__Problem requirements__.
Transcribe all of the data verbatim, please, and leave out its pictures.

__Available data__.
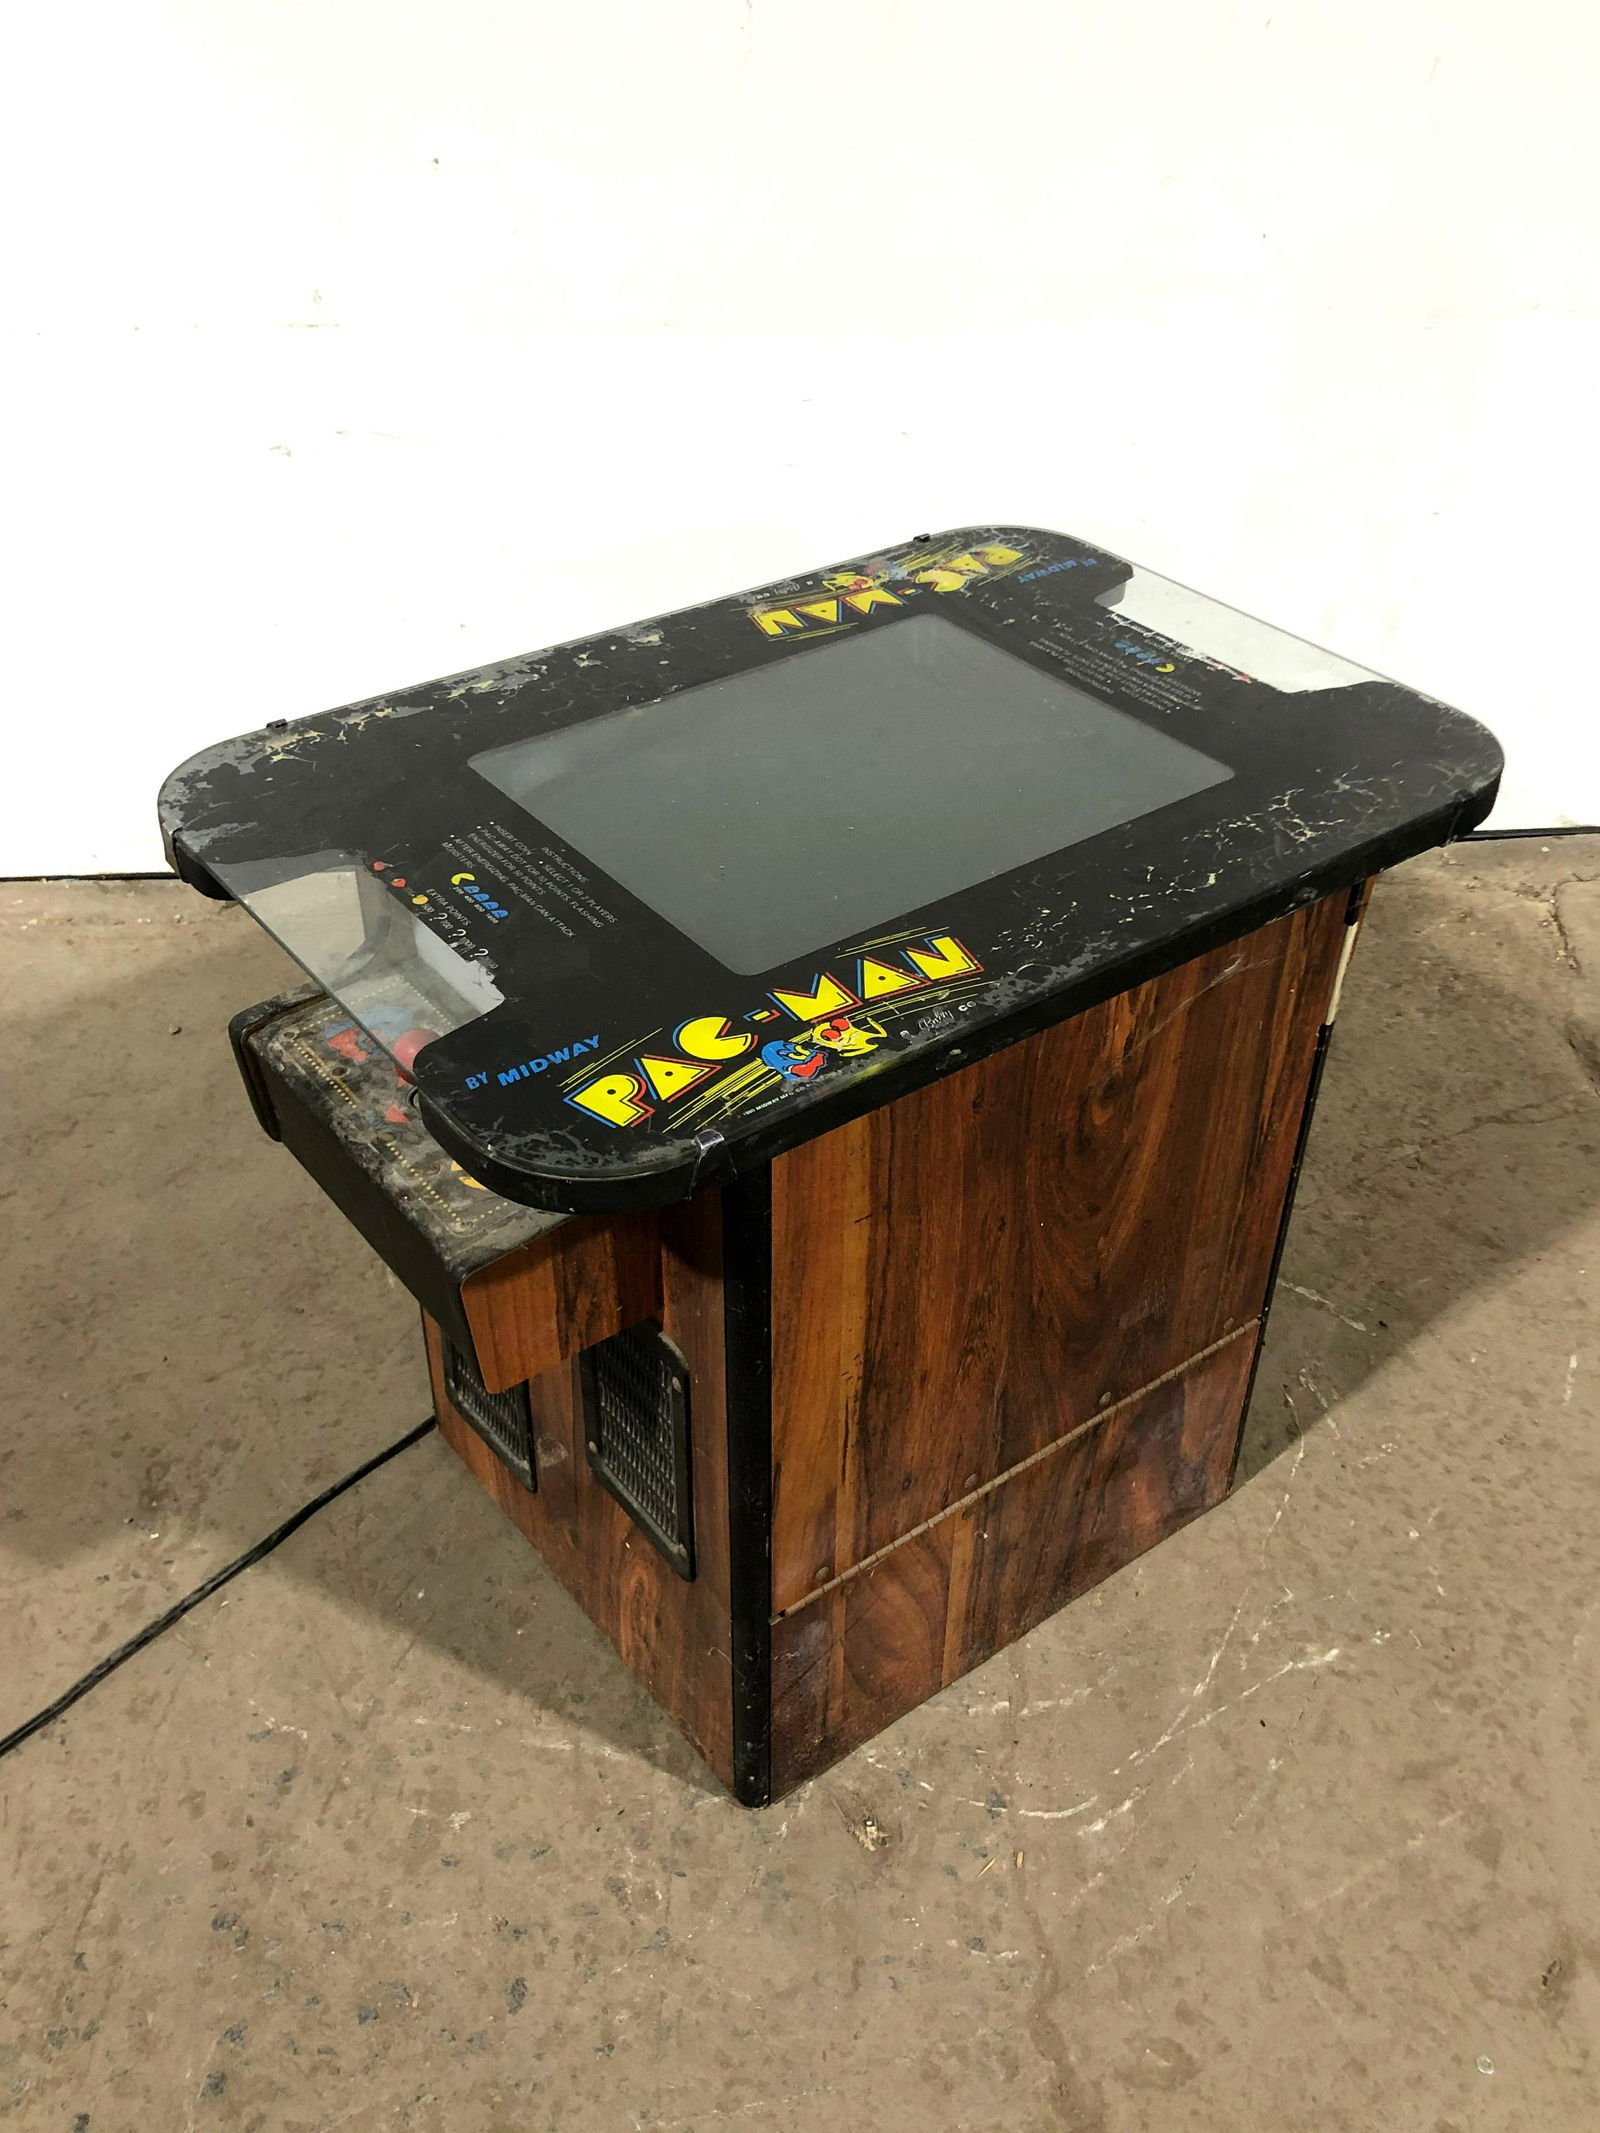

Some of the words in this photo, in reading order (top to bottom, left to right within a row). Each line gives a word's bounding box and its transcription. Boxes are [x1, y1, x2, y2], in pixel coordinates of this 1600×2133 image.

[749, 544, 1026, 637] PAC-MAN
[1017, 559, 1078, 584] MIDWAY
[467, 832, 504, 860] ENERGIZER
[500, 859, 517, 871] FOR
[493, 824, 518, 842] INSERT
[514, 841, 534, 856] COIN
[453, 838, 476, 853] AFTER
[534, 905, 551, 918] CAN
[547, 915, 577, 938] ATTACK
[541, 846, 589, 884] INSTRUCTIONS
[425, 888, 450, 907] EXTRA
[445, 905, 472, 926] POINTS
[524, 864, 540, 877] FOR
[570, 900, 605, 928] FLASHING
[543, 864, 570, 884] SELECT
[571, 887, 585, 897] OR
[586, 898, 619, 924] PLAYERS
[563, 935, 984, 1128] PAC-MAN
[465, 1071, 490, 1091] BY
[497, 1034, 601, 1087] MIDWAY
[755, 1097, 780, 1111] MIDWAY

__Result of this task__.
Some of the words in this photo, in reading order (top to bottom, left to right within a row). Each line gives a word's bounding box and its transcription. Boxes are [x1, y1, x2, y2], in pixel coordinates of this 1600×2133 image.

[749, 544, 1026, 637] PAC-MAN
[1017, 559, 1078, 584] MIDWAY
[467, 832, 504, 860] ENERGIZER
[500, 859, 517, 871] FOR
[493, 824, 518, 842] INSERT
[514, 841, 534, 856] COIN
[453, 838, 476, 853] AFTER
[534, 905, 551, 918] CAN
[547, 915, 577, 938] ATTACK
[541, 846, 589, 884] INSTRUCTIONS
[425, 888, 450, 907] EXTRA
[445, 905, 472, 926] POINTS
[524, 864, 540, 877] FOR
[570, 900, 605, 928] FLASHING
[543, 864, 570, 884] SELECT
[571, 887, 585, 897] OR
[586, 898, 619, 924] PLAYERS
[563, 935, 984, 1128] PAC-MAN
[465, 1071, 490, 1091] BY
[497, 1034, 601, 1087] MIDWAY
[755, 1097, 780, 1111] MIDWAY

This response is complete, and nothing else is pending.